**** DATASET RECORDS

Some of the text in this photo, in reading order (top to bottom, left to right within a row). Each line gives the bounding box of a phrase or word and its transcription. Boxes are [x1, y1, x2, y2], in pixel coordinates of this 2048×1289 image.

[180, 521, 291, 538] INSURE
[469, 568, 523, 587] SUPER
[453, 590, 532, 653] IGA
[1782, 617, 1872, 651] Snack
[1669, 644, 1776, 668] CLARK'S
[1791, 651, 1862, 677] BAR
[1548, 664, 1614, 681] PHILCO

********

• _EXERCISE BRIEF_
Type out the listing again with nothing changed.

• _SOLUTION FOR THIS TASK_
Some of the text in this photo, in reading order (top to bottom, left to right within a row). Each line gives the bounding box of a phrase or word and its transcription. Boxes are [x1, y1, x2, y2], in pixel coordinates of this 2048×1289 image.

[180, 521, 291, 538] INSURE
[469, 568, 523, 587] SUPER
[453, 590, 532, 653] IGA
[1782, 617, 1872, 651] Snack
[1669, 644, 1776, 668] CLARK'S
[1791, 651, 1862, 677] BAR
[1548, 664, 1614, 681] PHILCO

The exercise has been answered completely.